O difícil day after das sanções

Ilustração: Dmítri Dívin

Ilustração: Dmítri Dívin

Apelo por fim de medidas aumenta na Europa, mas incertezas permanecem. Conceito de Grande Eurásia ganha força com esfriamento das relações Rússia-UE.

Boatos e apelos pelo fim das sanções impostas à Rússia ainda este ano soam com intensidade cada vez maior na Europa. Agora são as autoridades francesas que mostram disposição para se juntar aos países tradicionalmente mais amigáveis em relação à Rússia, como Itália ou Áustria. Mas a dúvida que fica é: que tipo de relação poderá ser estabelecida no pós-sanções?

As relações jurídicas entre a Rússia e a UE se baseiam- no Acordo de Parceria e Cooperação (APC) de 1994, que tem por fundamento ideológico o conceito de Grande Europa, uma comunidade com regras e sistemas de valores comuns que se constituíram na União Europeia.

Em meados dos anos 2000, começou a ser discutida a elaboração de um tratado básico que viria a substituir o APC, para absorver a experiência de cooperação acumulada e estabelecer as bases para uma convergência mais qualitativa. Nessa época, porém, o ambiente político dava sinais de mudanças: ao invés de aumentarem importância, as relações despencavam.

O resultado disso foi, em 2014, a imposição de sanções recíprocas após o início e a rápida intensificação da crise ucraniana. A era da declarada “parceria estratégica” havia terminado, deixando um gosto amargo em ambos os lados. Não há como retornar ao modelo anterior, mesmo se imaginarmos o cenário altamente improvável de resolução próxima da Ucrânia.

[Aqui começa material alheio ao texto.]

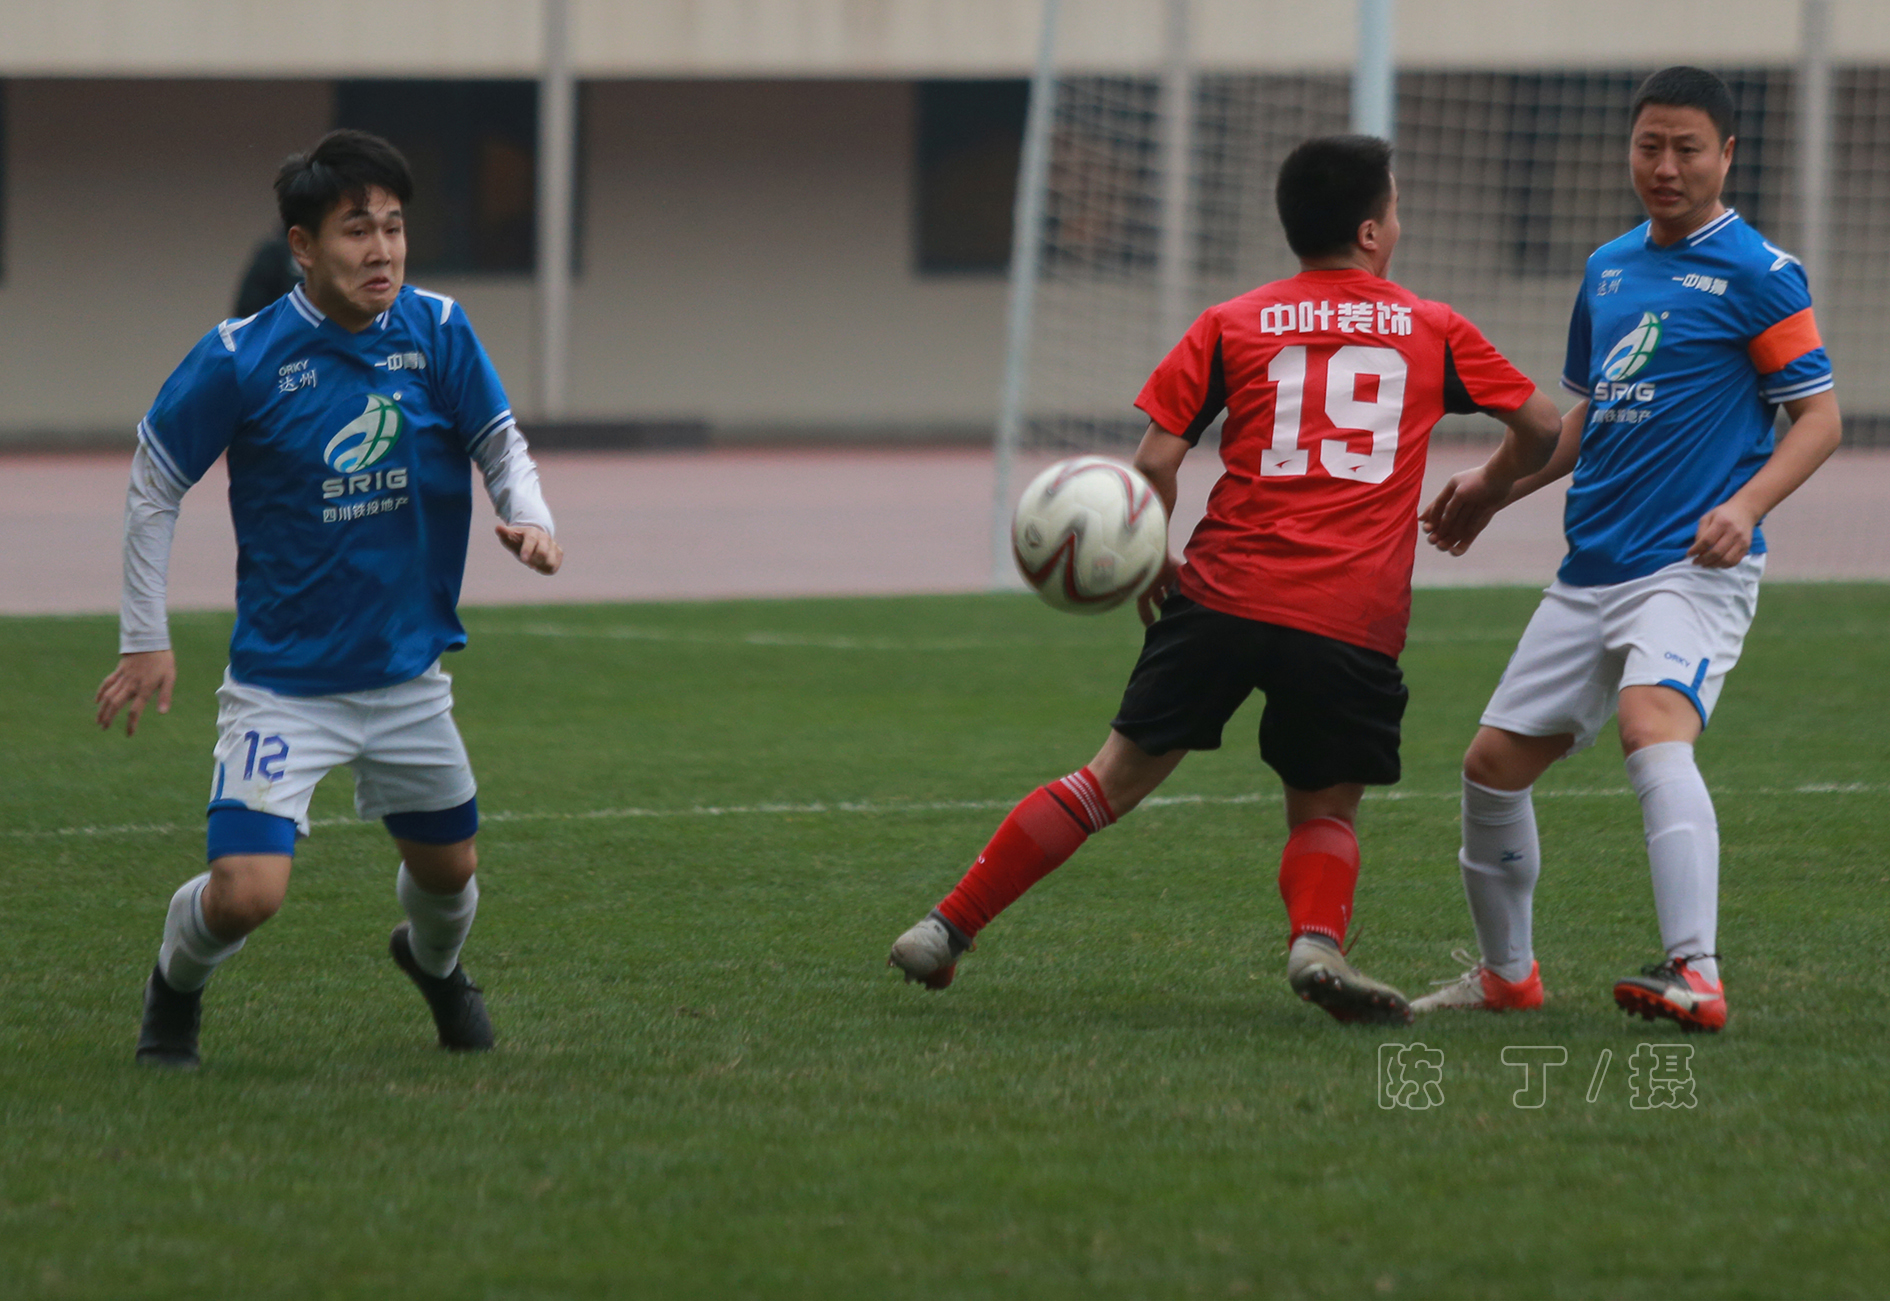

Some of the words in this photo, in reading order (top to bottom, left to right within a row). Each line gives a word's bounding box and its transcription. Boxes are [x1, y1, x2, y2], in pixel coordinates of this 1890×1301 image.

[1260, 300, 1413, 336] 中叶装饰
[278, 358, 310, 377] ORKY
[278, 369, 318, 394] 达州
[1260, 345, 1408, 485] 19
[322, 467, 408, 499] SRIG
[322, 496, 409, 524] 四川铁投地产
[242, 729, 290, 783] 12

A Rússia não quer mais se tornar parte de uma Europa unificada, e a Europa unificada não compactua com a suposta ideia de expansionismo – também precisa retirar-se e resolver suas numerosas contradições internas. Não deve haver mais, portanto, a Grande Europa.

É impossível restaurar a parceria estratégica nos moldes dos anos 1990-2000. A lógica da Grande Europa não se aplica mais. Após a crise, as relações não terão mais abrangência total, e sim focarão em áreas individuais de aplicação.

Apesar do prognóstico pouco favorável, existem aspectos práticos que, independentemente da atmosfera política, não podem ser abstraídos do âmbito das relações Rússia-União Europeia. São eles: energia (nenhuma das partes têm recursos para romper a interdependência), o trânsito de pessoas (ainda mais acentuado em função dos refugiados) e a cooperação transfronteiriça (com o objetivo de encontrar soluções para problemas comuns).

Grande Eurásia à vista

As perspectivas de desenvolvimento econômico agora se tornam mais relevantes quando analisada sob o conceito de Grande Eurásia, e não mais de Grande Europa. E a principal causa disso é externa: a China se voltou ao Ocidente e tem intenções bastante claras de abrir caminhos rumo à Europa e ao Mediterrâneo.

O simples formato Rússia-UE não tem peso para a construção da Grande Eurásia, que requer um diálogo multifacetado: União Europeia-União Econômica Euroasiática (UEE), Rússia/ UEE-China, União Europeia-China e, finalmente, China-UEE-União Europeia.

É justamente nos termos da última combinação, China-UEE-União Europeia, que faz sentido discutir aquilo que Moscou e Bruxelas já haviam abordado anteriormente – a criação de um espaço econômico comum e a harmonização de regras e regulamentos.

Entre as vantagens desse desfecho estaria o desenvolvimento de algumas ex-repúblicas soviéticas que nunca conseguiram obter uma base estável erguer a economia local.

Segurança corroída

A questão da segurança na Europa não consiste apenas e nem tanto na Ucrânia e em outros países onde os interesses da Rússia e da UE/Otan entram em conflito real ou imaginário.

O continente europeu está como um todo deixando de ser um espaço de estabilidade garantida. Por um lado, isso está relacionado ao fato de que a UE não conseguir se distanciar dos fracassos cada vez mais fatais do Oriente Médio.

Por outro, os desequilíbrios internos do projeto da União Europeia estão levando ao desmantelamento dos sistemas de unificação – ao que parece, o acordo de Schengen não tem chances no formato atual – e ao aprofundamento das contradições entre os países-membros.

Fiódor Lukiánov é presidente do Conselho de Política Externa e de Defesa da Rússia.